Made me laugh.
Unbiased, quality commentary and now more diversity... which explains why a LW Progressive Muslim Apologist was talking just before her.
I thought we had diversity in broadcasting... I thought that is what SBS was.
ABC’s diversity push? Forgive me for chuckling
The Australian
October 17, 2016
Chris Kenny
Forgive me for chuckling at the ABC’s new diversity push. Apparently new managing director Michelle Guthrie wants to boost the national broadcaster’s quota of program producers from non-English speaking backgrounds (NESB).
Fair enough, you might think — although, of course, their English standards will need to be adequate, and we presume everyone will be employed on merit so that there won’t be any poor young graduates denied a journalism cadetship or researcher’s job because they had the misfortune of growing up in a household that spoke the mother tongue.
It has always struck me as curious that the most common accents heard at the ABC are from the United Kingdom. Switch on the television or radio any day and you’ll hear journalists, newsreaders and hosts who have the ring of the British Isles about them. Even the Australian accents tend to be as cultured as we hear in this country.
The accents you don’t strike on the ABC are the most common ones on the streets of our cities, suburbs and towns — the western Sydney rasp, Queensland backblocks drawl, clipped intonations of Chinese and Vietnamese Australians, sing-song South Asian tones or those familiar hints of Italian and Greek pronunciations.
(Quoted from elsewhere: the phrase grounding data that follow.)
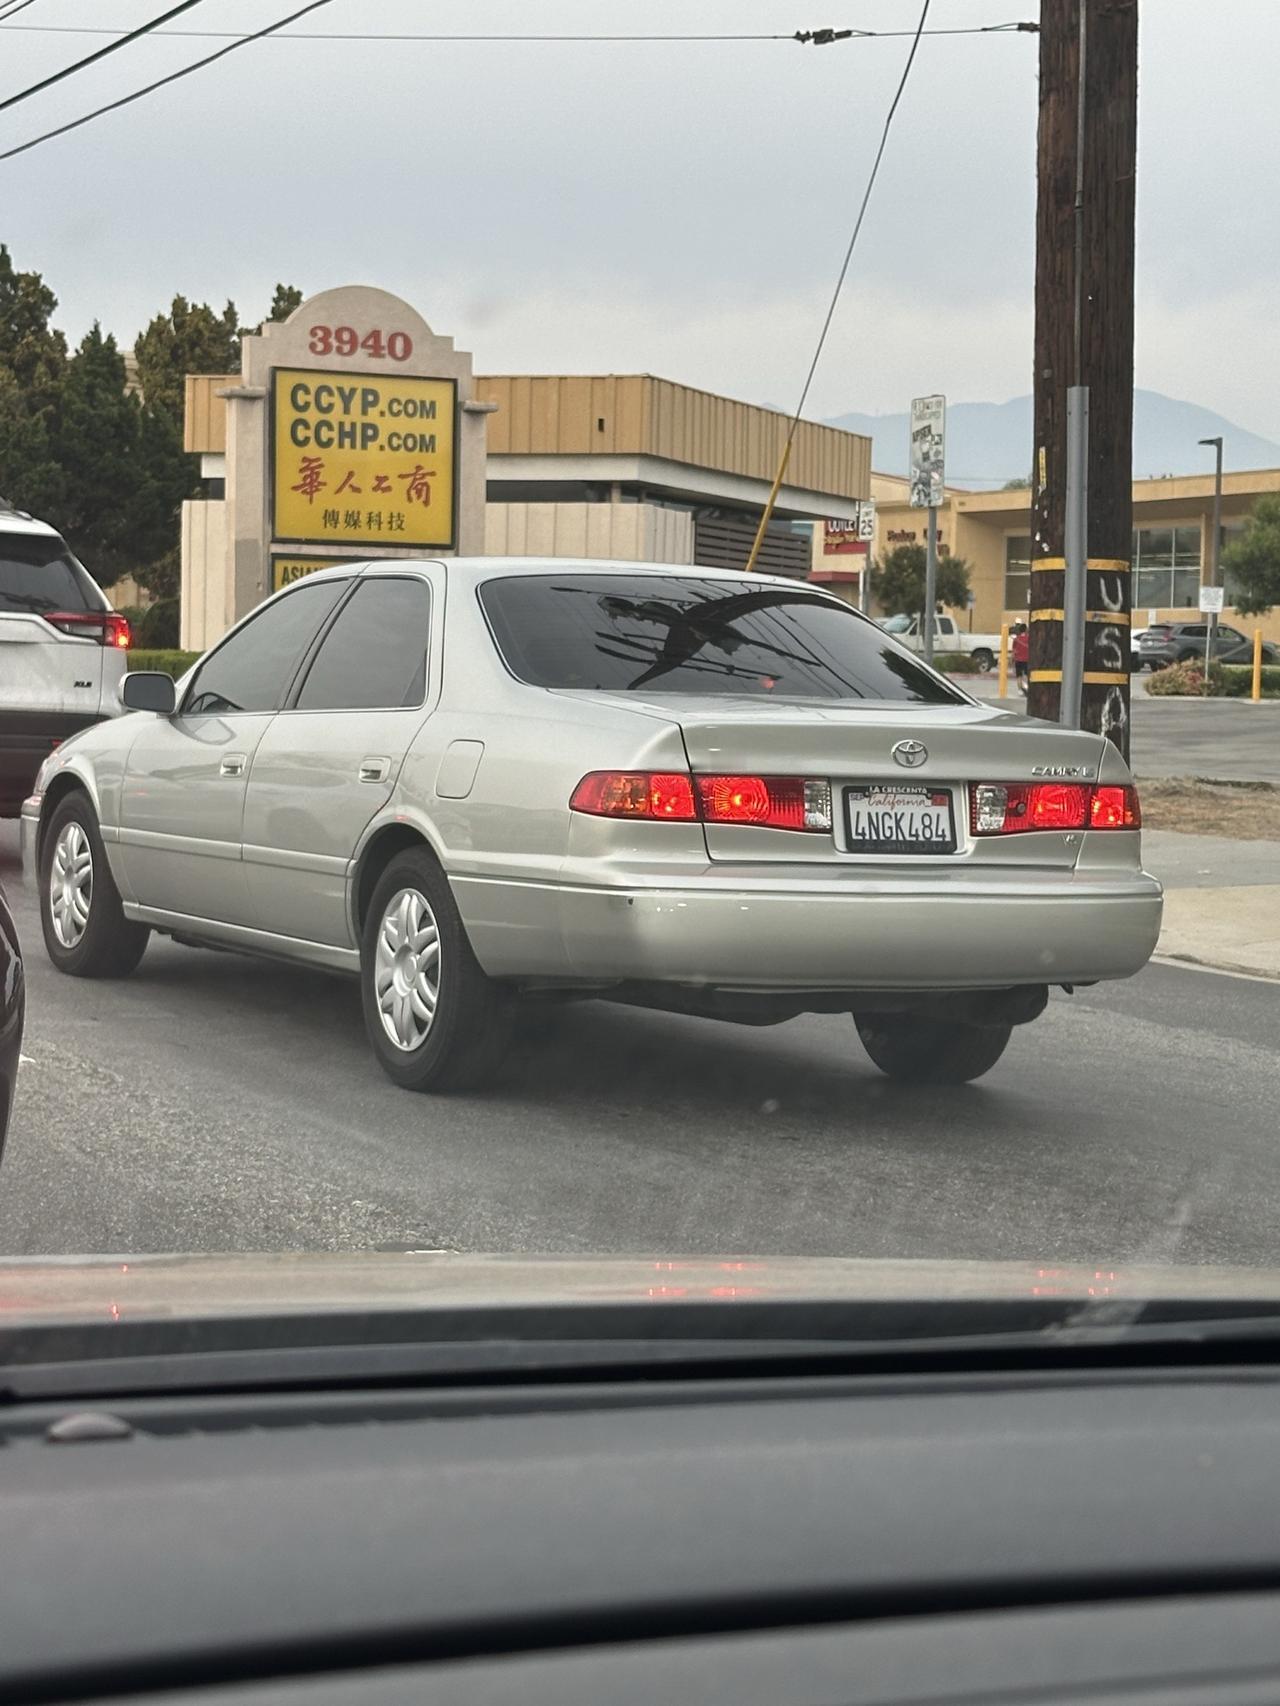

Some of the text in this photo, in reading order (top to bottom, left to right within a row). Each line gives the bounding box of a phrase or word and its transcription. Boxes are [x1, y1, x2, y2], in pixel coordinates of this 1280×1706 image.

[308, 325, 413, 361] 3940
[290, 383, 437, 420] CCYP.COM
[290, 418, 437, 453] CCHP.COM
[291, 456, 438, 508] 華人工商
[322, 508, 406, 532] 傳媒科技
[861, 519, 873, 536] 25
[1031, 766, 1081, 777] CAMRY
[867, 794, 931, 810] California
[869, 785, 928, 794] LA CRESCENTA
[855, 810, 947, 842] 4NGK484
It is strange — we don’t even hear the pleasant peculiarities of Aboriginal English.
Nup, the ABC prefers the most English of English, where possible — a cultural cringe if ever there was one.
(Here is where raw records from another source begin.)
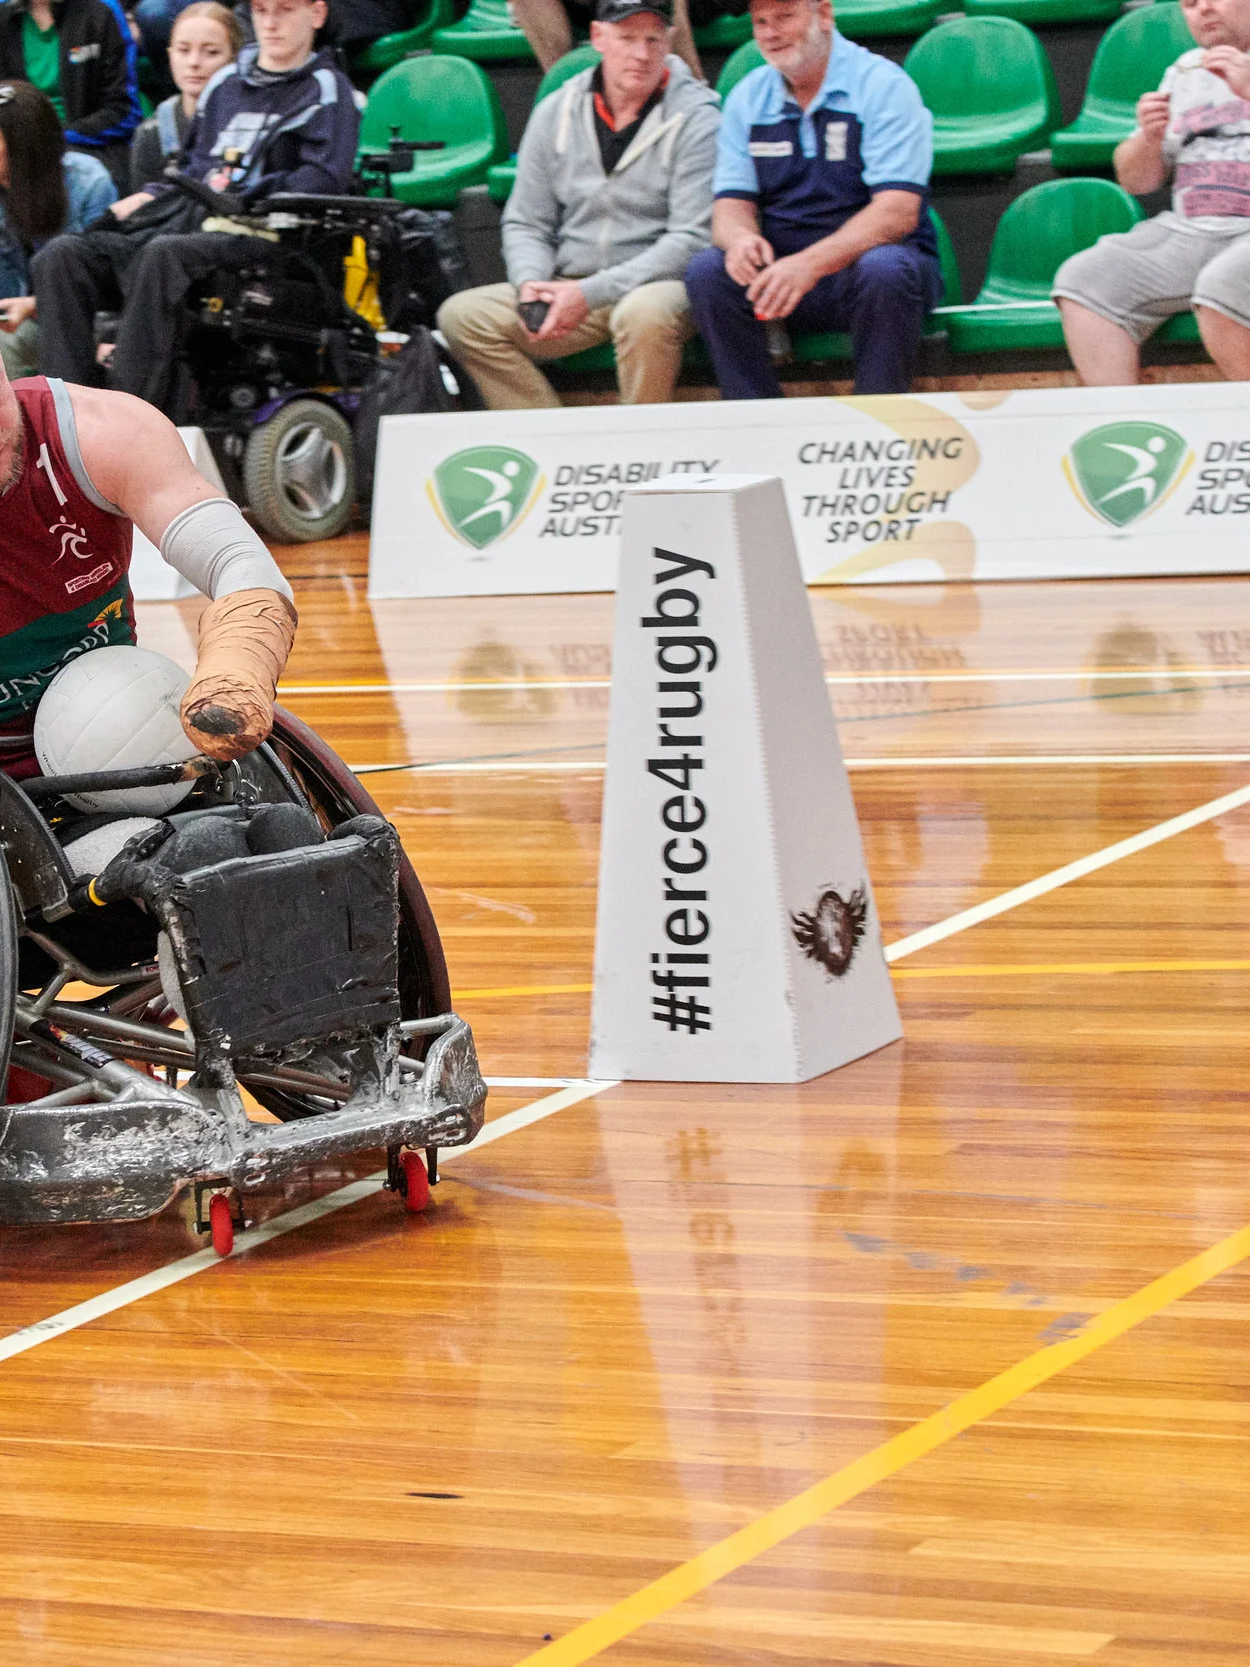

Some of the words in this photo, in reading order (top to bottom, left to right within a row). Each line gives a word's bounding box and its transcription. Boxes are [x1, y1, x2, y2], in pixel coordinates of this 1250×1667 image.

[799, 437, 964, 464] CHANGING
[36, 443, 68, 506] 1
[839, 466, 916, 489] LIVES
[802, 492, 952, 517] THROUGH
[539, 516, 622, 538] AUST
[826, 518, 922, 543] SPORT
[640, 546, 718, 1035] #fierce4rugby
So any effort to make their staff more representative of mainstream Australia will be a winner for audiences and can’t help but improve their plurality and therefore their perception. But don’t bank on it. Promises about diversity from the ABC have to be judged against their record.
At some stage in the future they will point to their NESB statistics and tell us they have improved. We might see a greater variety of skin tones and names and back stories but there is a fair chance we won’t hear a wider variety of accents — if the past is any guide the mainstream Australian accents will still give way to the influences of the British Isles.
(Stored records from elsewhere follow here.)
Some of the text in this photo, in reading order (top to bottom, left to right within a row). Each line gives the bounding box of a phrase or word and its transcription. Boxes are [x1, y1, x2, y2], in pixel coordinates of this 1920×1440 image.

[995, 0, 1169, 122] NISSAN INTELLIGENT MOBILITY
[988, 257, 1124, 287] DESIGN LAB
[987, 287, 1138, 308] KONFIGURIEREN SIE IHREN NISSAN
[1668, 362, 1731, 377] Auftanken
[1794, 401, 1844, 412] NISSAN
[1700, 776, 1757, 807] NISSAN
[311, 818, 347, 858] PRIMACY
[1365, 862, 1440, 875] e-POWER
And crucially, the one thing we can be certain of is that the ideological diversity — the most important aspect of pluralism — will still be missing. Will there be mainstream voices, right-of-centre views or, dare we dream of it, even a conservative thought or two?
No. The ABC will continue to ignore the issue of intellectual diversity. It will continue to ignore its charter obligations to reflect this country rather than lecture it.
We will have every shade of Green Left host and journalist continuing to undermine and skew the work of the shrinking quota of objective professionals.
And as they wander the corridors of Southbank and Ultimo, they will never have to bother themselves with confronting mainstream, right-of-centre or conservative views except through antagonistic interviews and appearances by Institute of Public Affairs guests. Oh, and those awkward surprises sometimes dished up at the ballot box.